Between the Introduction and the Discussion, the main part of the paper contains the Methodology and the Results. This part was found by two competent referees original and useful; these opinions supported the decision of the Editor-in-Chief to accept the paper. If you would happen to find any peccability in these crucial parts, this would, of course, justly question the correctness of the decision.

Anyway, we are grateful for calling our attention to the observed anomaly, and we promise to take marked attention to properly handle similar cases in the future.

Let me take the opportunity to ask you whether you would be willing to review manuscripts falling in the scope of your research competence for our journal. As a referee, you would have the opportunity to make your remarks in an early stage, thereby you could help us to improve the quality of our journal.

Sincerely yours,
András Schubert, Editor, Scientometrics

The letter essentially dismisses my report of plagiarism and does so in a patronizing way.  Schubert then panders to me by inviting me to serve as a reviewer to make my “remarks in an early stage”. This invitation leads me to conclude that Scientometric’s editorial board does little or no reviewing and is chiefly honorary.

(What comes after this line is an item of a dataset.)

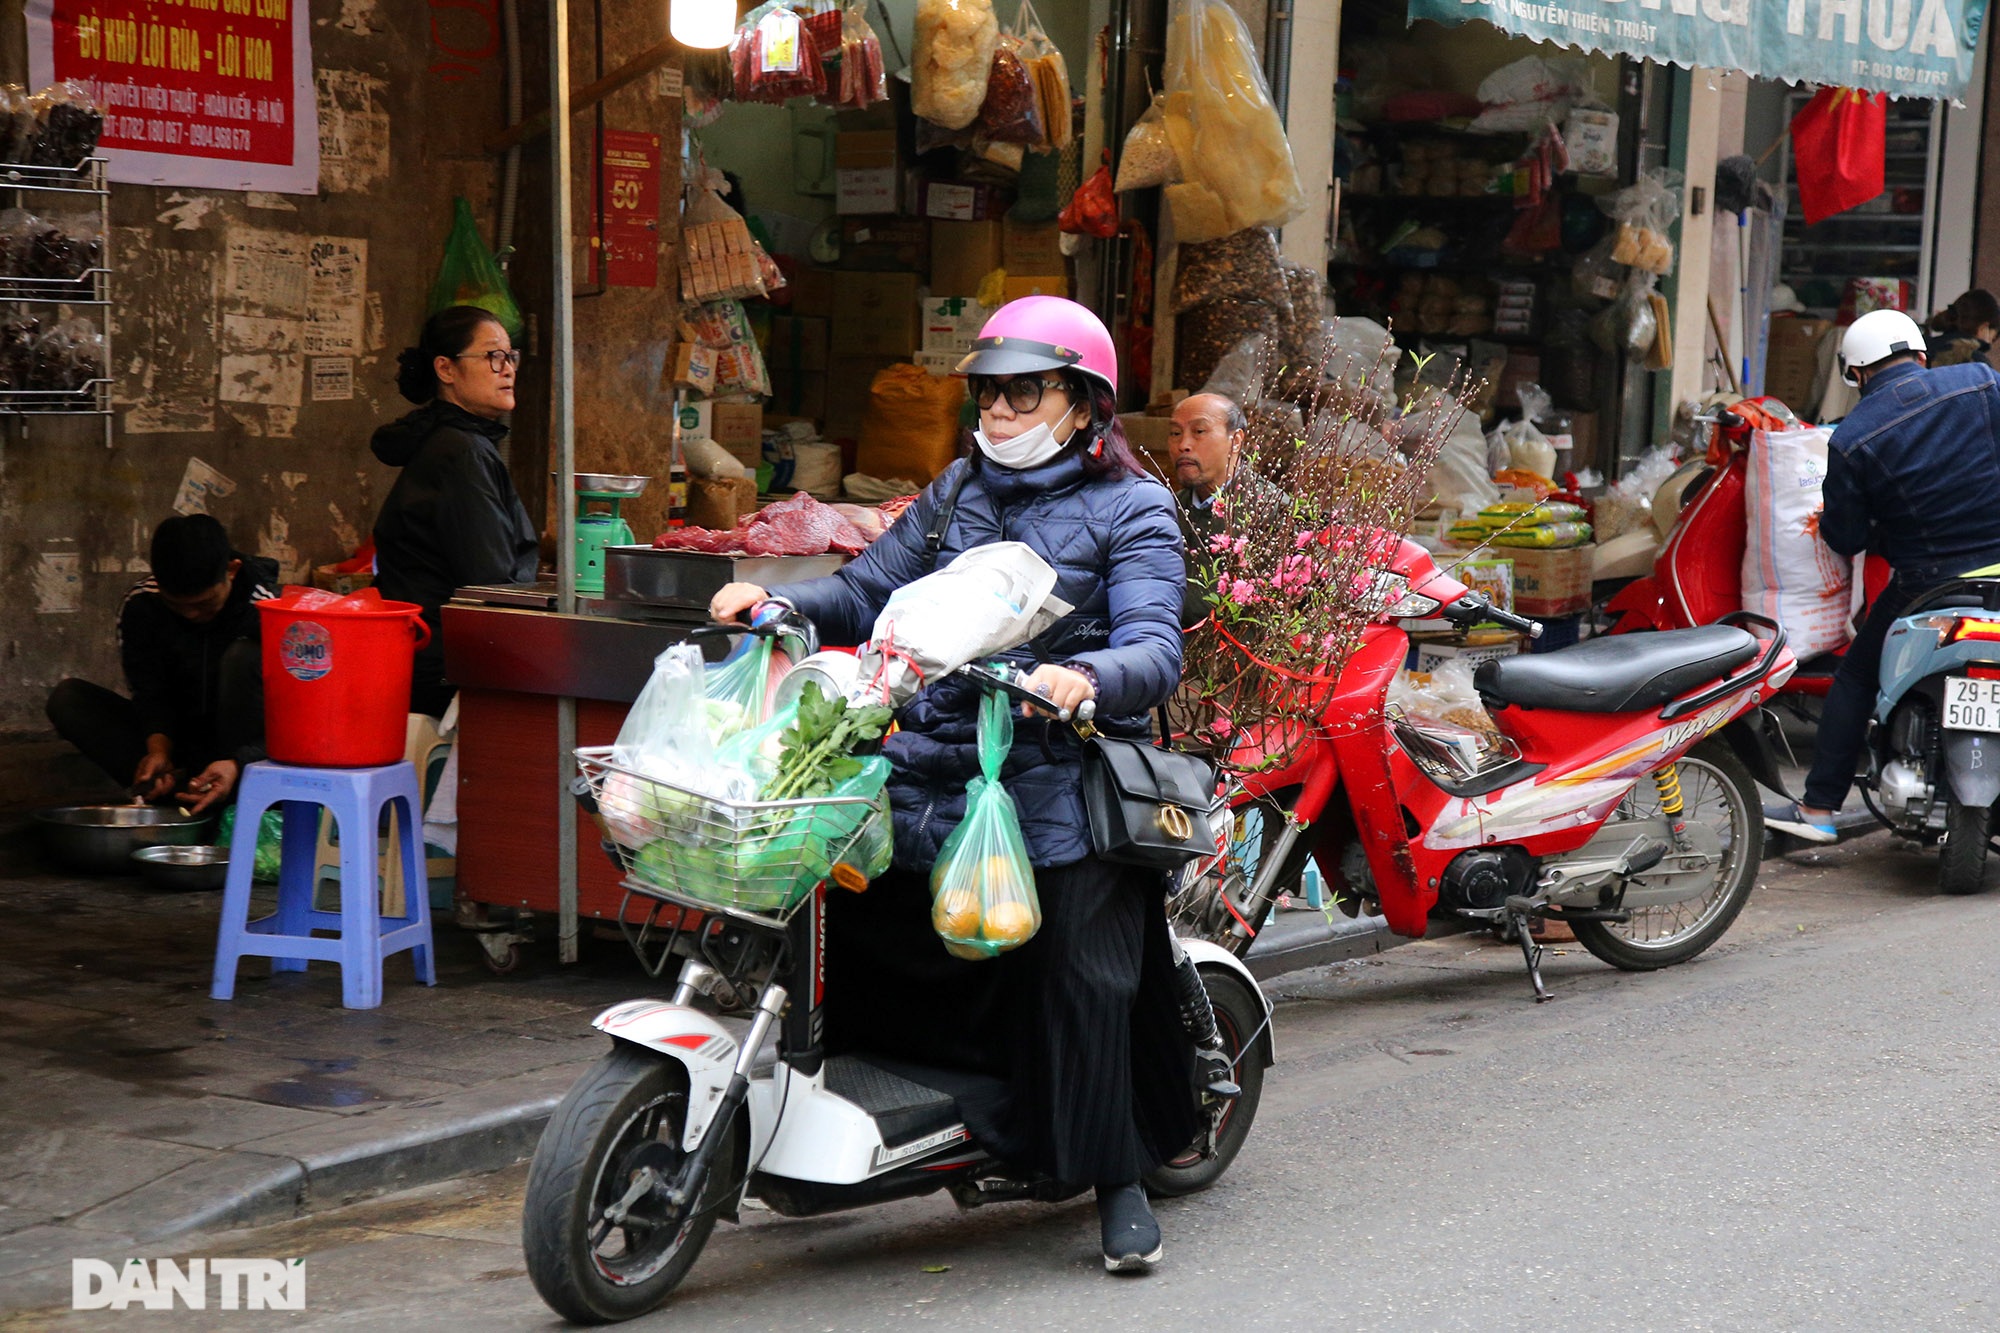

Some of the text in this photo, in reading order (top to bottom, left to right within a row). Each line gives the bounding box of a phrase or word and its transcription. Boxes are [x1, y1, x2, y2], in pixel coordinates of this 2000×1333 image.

The letter also trades on an ambiguity. The definition of plagiarism is not binary, a quality that Schubert exploits to justify his inaction on the plagiarism report. By failing to use quotation marks when using the wording of others the authors of the article gave the impression that the wording they were using as their own.  Failing to use quote marks is not as Schubert claims an “unorthodox technique.”

András Schubert: Soft on plagiarism?

Scientometrics is published by Springer Science + Business Media for the Budapest-based Akadémiai Kiadó, a wannabe scholarly society better known as a publisher of cheap travel guides.

Based on Schubert’s statements, I think it’s fair to conclude the following:

1. If you are an author looking for an easy publication, you can copy full paragraphs from other publications (Schubert’s “collage technique”), including non-scholarly ones, without using quotation marks, as long as you put a short citation at the end of the paragraph, and submit it in an article to Scientometrics, and this won’t be a problem.

2. You can string together as many of these cut and pasted paragraphs as you like. Although, Schubert would be impressed if all this cutting and pasting produced a “coherent flow of text”.

3. Even if Schubert believes your paper is “dubious,” an “observed anomaly” and “would certainly not encourage other authors to follow this technique,” he will not take any action if your published work contains major portions of text that are word-for-word plagiarism.

4. If someone reports your work as plagiarism, the editor will likely dismiss the report and ignore COPE guidelines.